Court of Appeals of Ohio, Second District, Montgomery County
Mar 18, 2011
2011 Ohio 1276 (Ohio Ct. App. 2011)

Opinion

No. 2010 CA 14.

Rendered on March 18, 2011.

Criminal appeal from Common Pleas Court, T.C. No. 09CR458B.

James D. Bennett, Atty. Reg. No. 0022729, First Assistant Prosecuting Attorney, Attorney for Plaintiff-Appellee.

Jack Harrison, Atty. Reg. No. 0005076, Attorney for Defendant-Appellant.


OPINION


{¶ 1} Jason Chenoweth appeals from his conviction in the Miami County Common Pleas Court of burglary. Chenoweth entered a no contest plea to the charge when his pretrial motion to suppress his statement to the police was overruled.

{¶ 2} Chenoweth's prosecution resulted from an investigation into two separate burglaries of the residence of Kathleen and Meghan Shively in September 2009. Shortly after eight o'clock on the morning of September 10th, Detective Mike Noll of the Huber Heights Police Department and Detective Sergeant John Kissee went to Chenoweth's home. They were accompanied by two road patrol officers. Chenoweth invited the officers into his home. (T. 17, suppression hearing). Noll told Chenoweth he was looking for Peter Schwab who Meghan Shively had dropped off at Chenoweth's home. Noll asked Chenoweth where Meghan Shively's property was because Ms. Shively reported the burglar had stolen her diamond engagement ring and some other items and he suspected Chenoweth of some involvement. (T. 5). Chenoweth did not respond to Noll's question and denied knowing Schwab's whereabouts. Chenoweth told Noll to ask Schwab where the victim's property was.

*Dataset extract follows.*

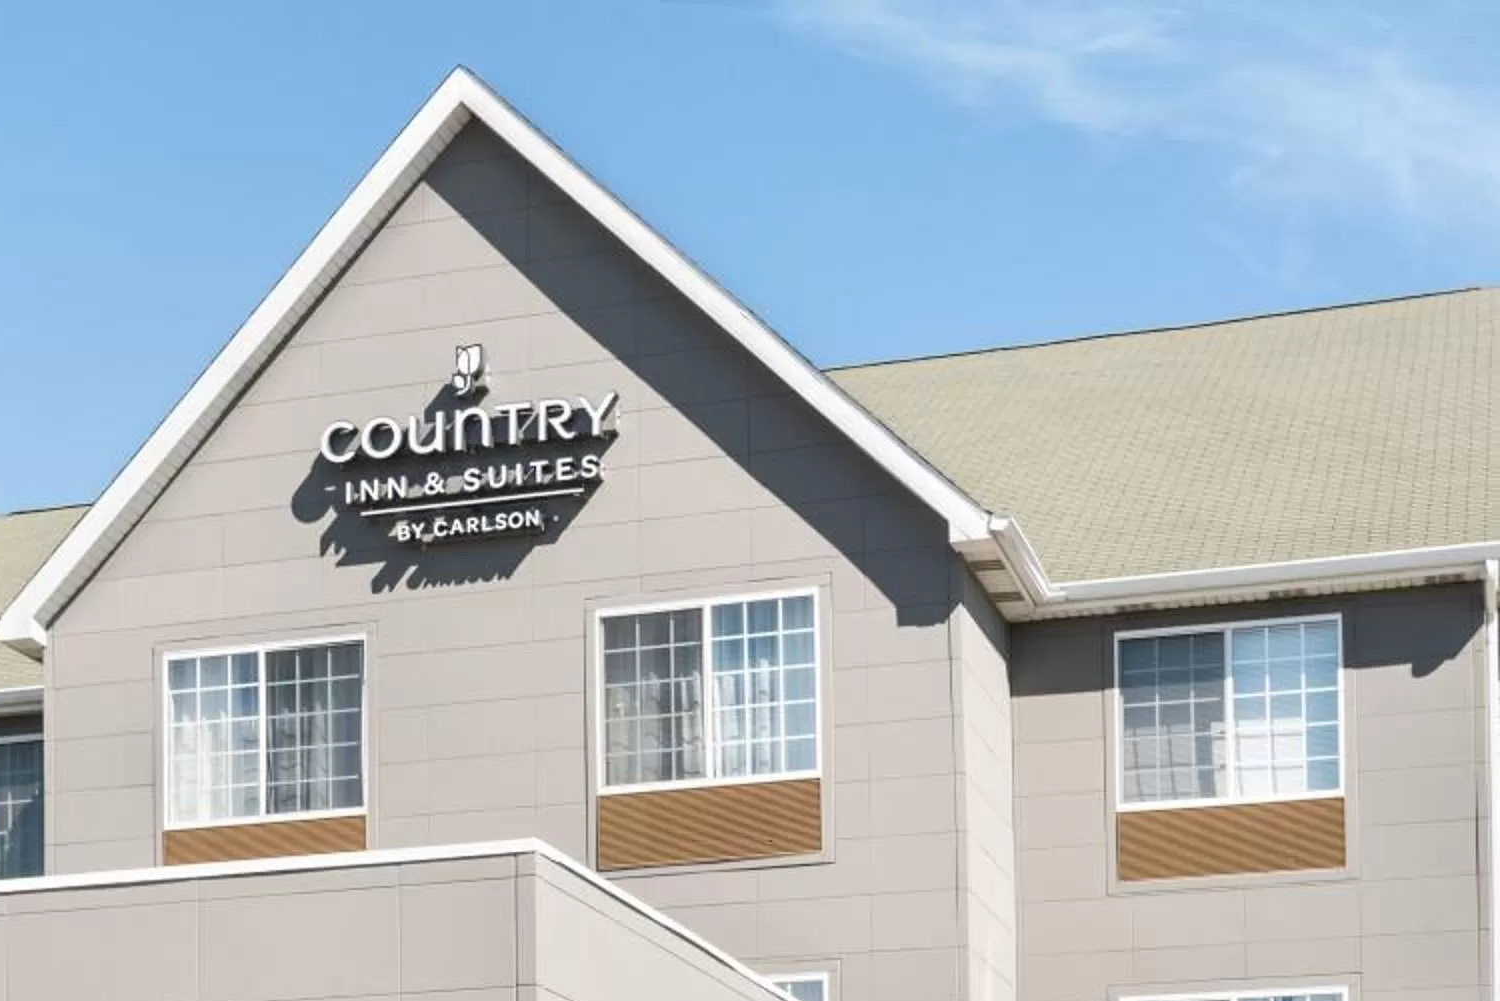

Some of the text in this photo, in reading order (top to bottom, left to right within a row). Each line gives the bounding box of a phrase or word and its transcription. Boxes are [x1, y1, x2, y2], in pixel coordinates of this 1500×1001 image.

[345, 455, 601, 504] INN & SUITES
[396, 509, 542, 542] BY CARLSON

{¶ 3} Noll testified that he and Chenoweth then moved to the kitchen and sat at the kitchen table. Noll testified he told Chenoweth that all he wanted was the truth. Noll testified Chenoweth told him that Schwab came to his home earlier that morning and told Chenoweth he was going to burglarize Meghan Shively's home since she was going to be gone for a brief time. Noll testified he asked Chenoweth to give him a written statement and Chenoweth obliged. Noll said he asked Chenoweth how Schwab got to Meghan Shively's house and Chenoweth stated he took him there. Noll testified, with this admission by Chenoweth, he arrested him.

{¶ 4} In overruling Chenoweth's suppression motion, the trial court found that Chenoweth was not in custody for purposes of Miranda v. Arizona (1966), 384 U.S. 436, at the time he made his incriminating statements. The court noted that it considered the fact that Chenoweth was in his own home, the number of officers present, the length and nature of the questioning, and the fact there were no threats or other efforts of intimidation employed by the police.

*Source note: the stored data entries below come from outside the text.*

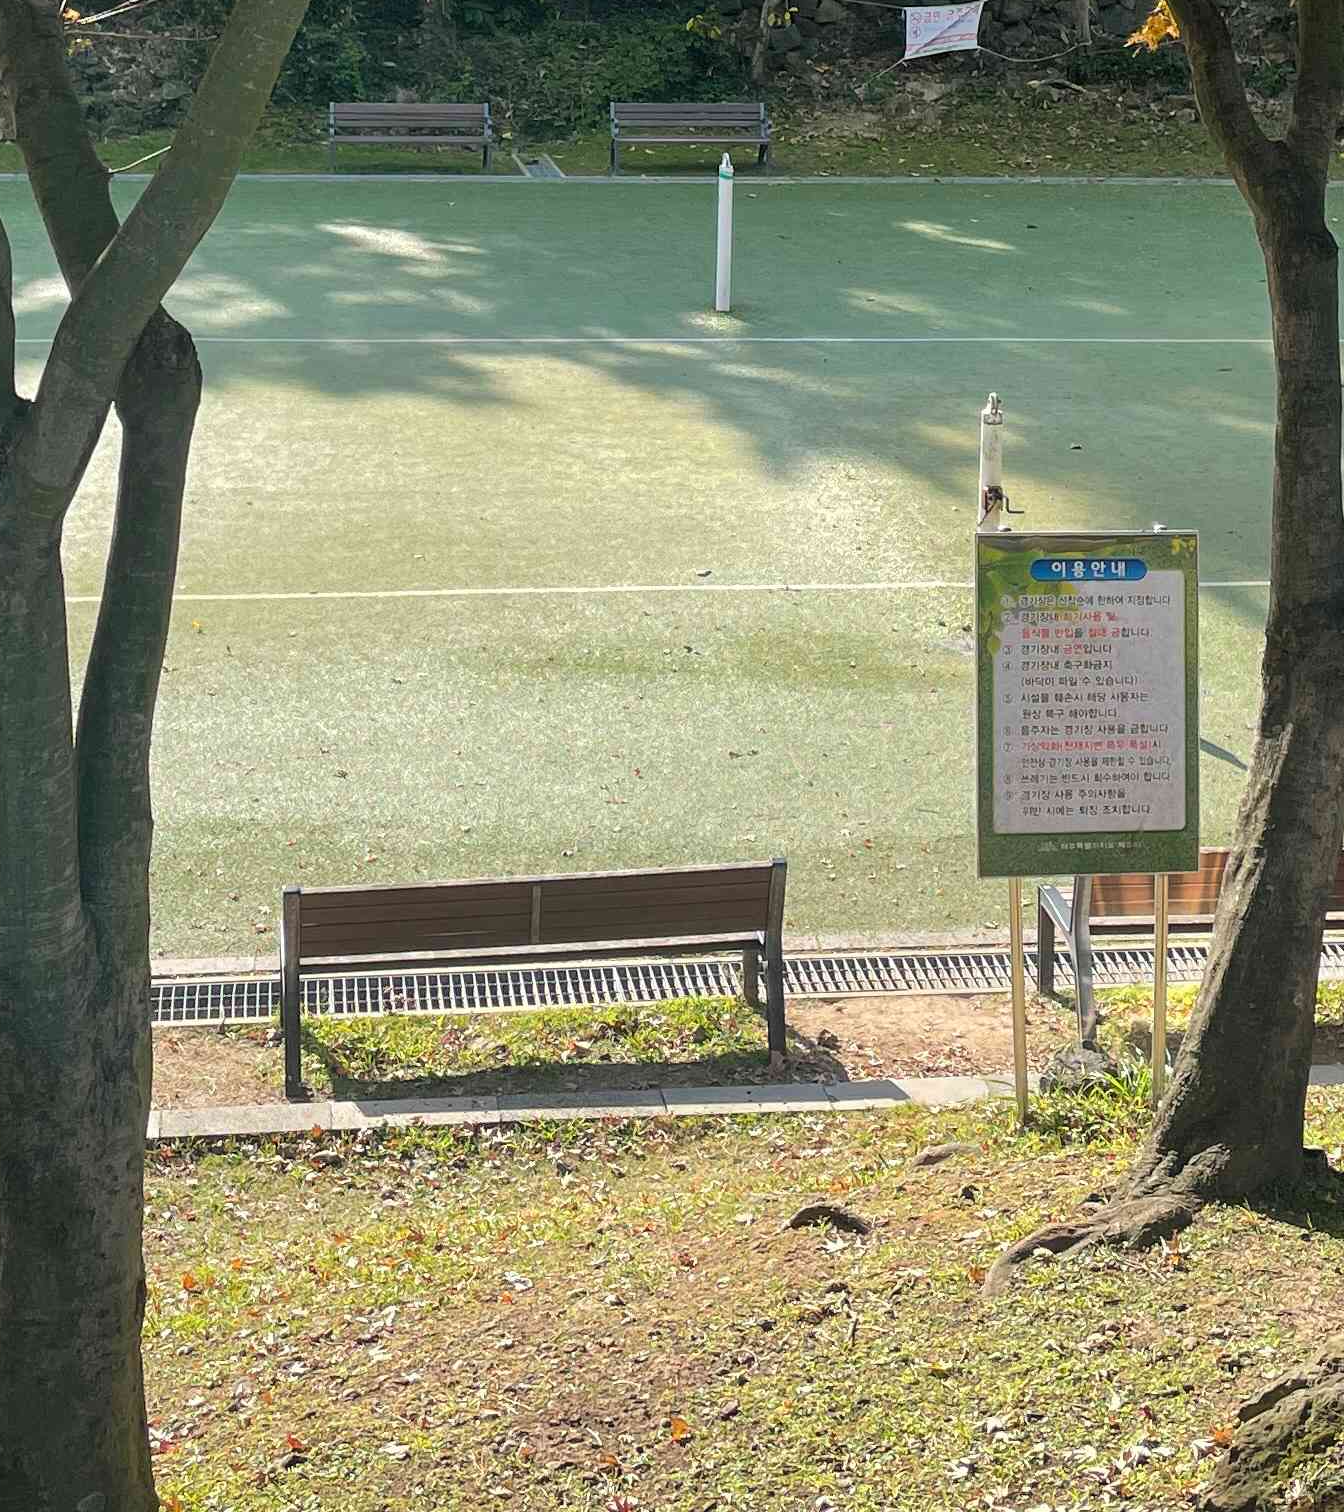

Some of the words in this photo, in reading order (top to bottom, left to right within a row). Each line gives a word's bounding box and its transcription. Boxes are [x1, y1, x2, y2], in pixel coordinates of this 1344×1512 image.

[1051, 561, 1126, 578] 이용안내
[1021, 644, 1059, 654] 경기장내
[1063, 643, 1113, 654] 금연입니다
[1021, 660, 1059, 671] 경기장내
[1021, 773, 1058, 784] 쓰레기는
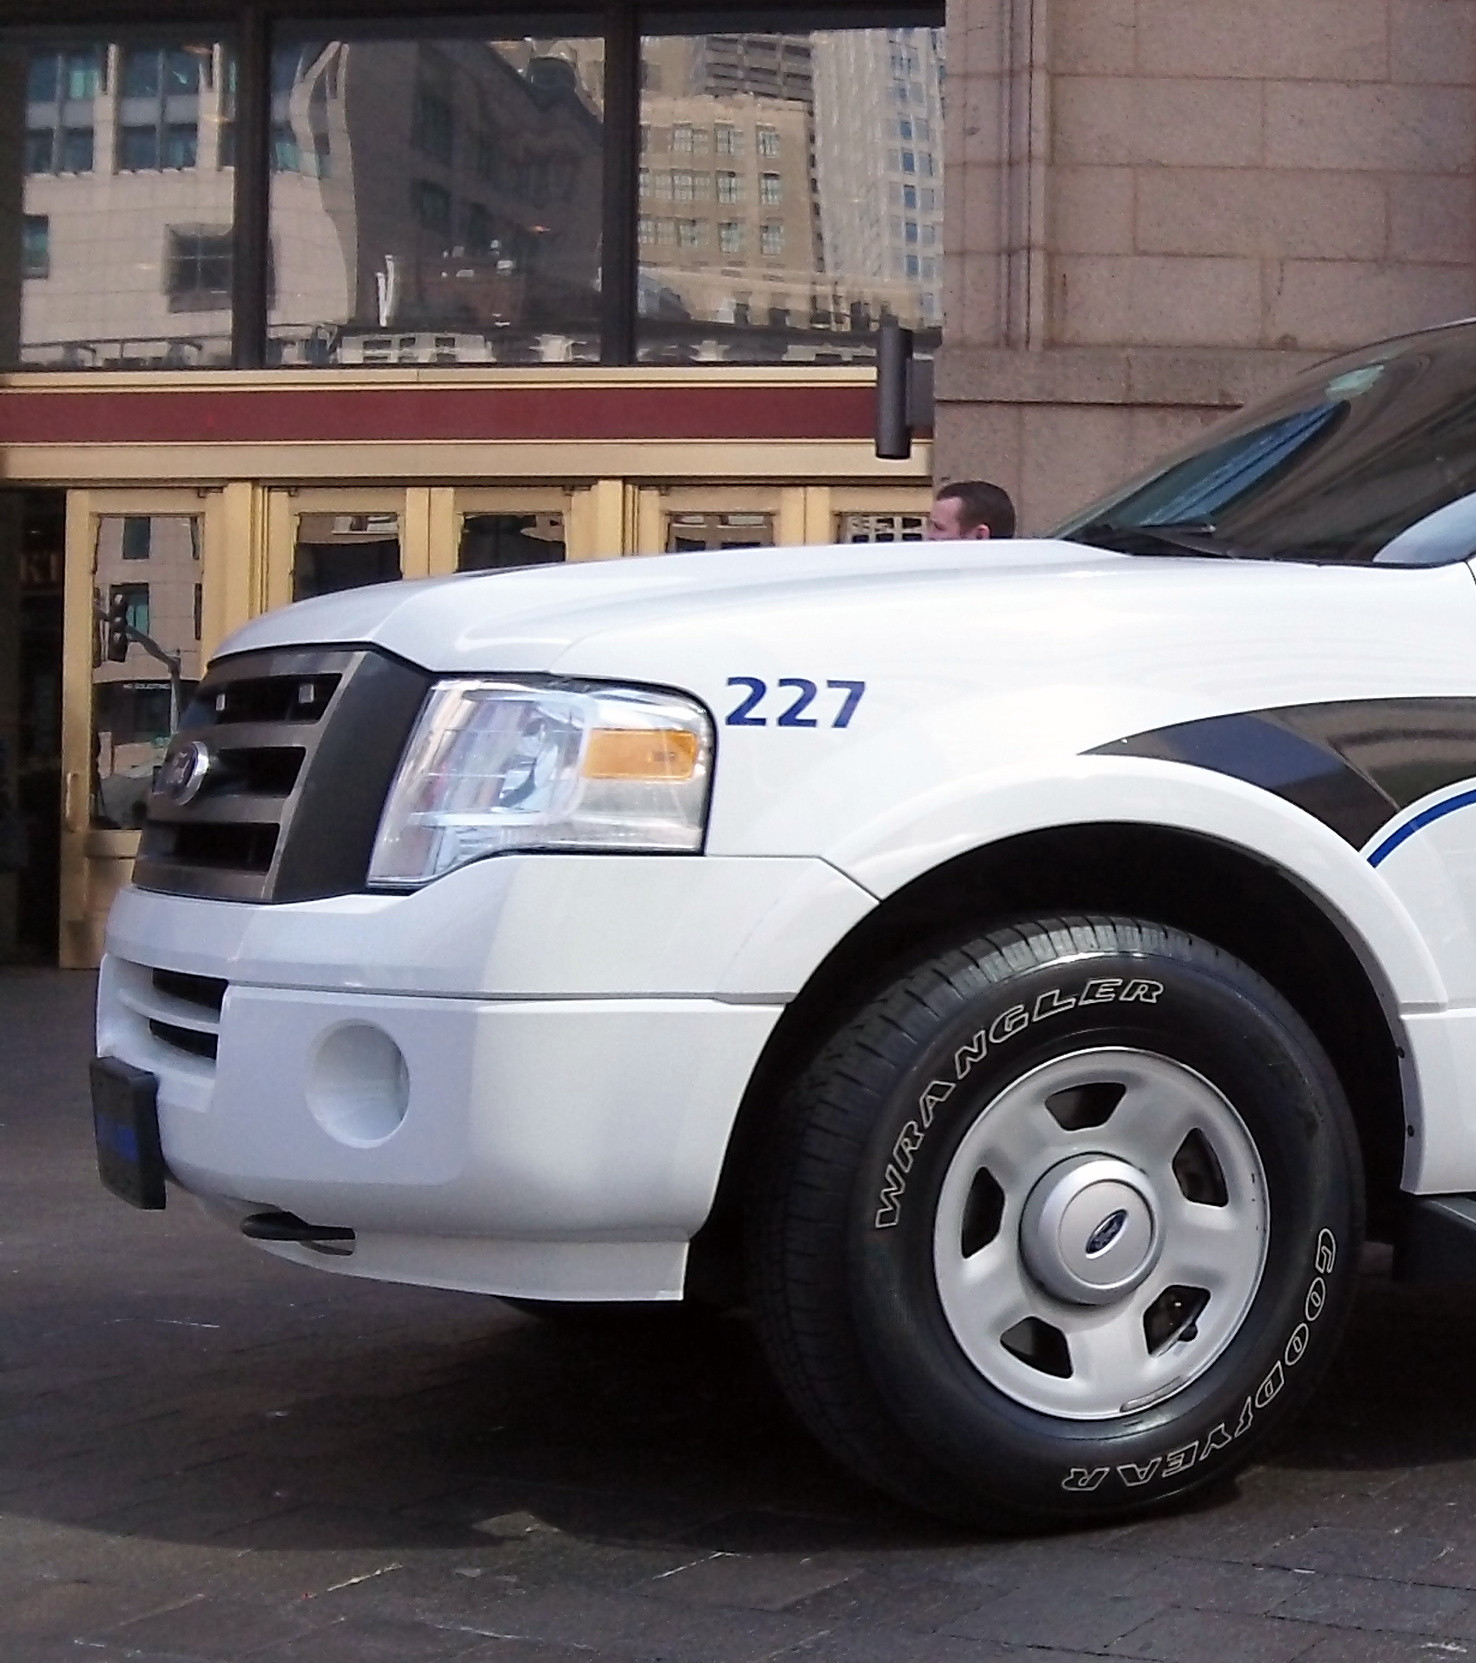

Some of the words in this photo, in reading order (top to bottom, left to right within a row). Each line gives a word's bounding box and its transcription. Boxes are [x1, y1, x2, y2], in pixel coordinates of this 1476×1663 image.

[725, 676, 866, 728] 227
[874, 978, 1164, 1230] WRANGLER
[1061, 1227, 1337, 1492] GOODYEAR

{¶ 5} In his first assignment of error, Chenoweth argues that the trial court erred in concluding that he was not in custody when he was questioned and, therefore, the court erred in admitting his confession. Chenoweth argues that he was in custody for Miranda purposes because he was confronted by five police officers in the early morning hours and accused of committing a burglary. Chenoweth argues that the whole scenario was one of a show of force, shock and awe, intimidation and represented a custodial setting to any reasonable man. (Brief at 4).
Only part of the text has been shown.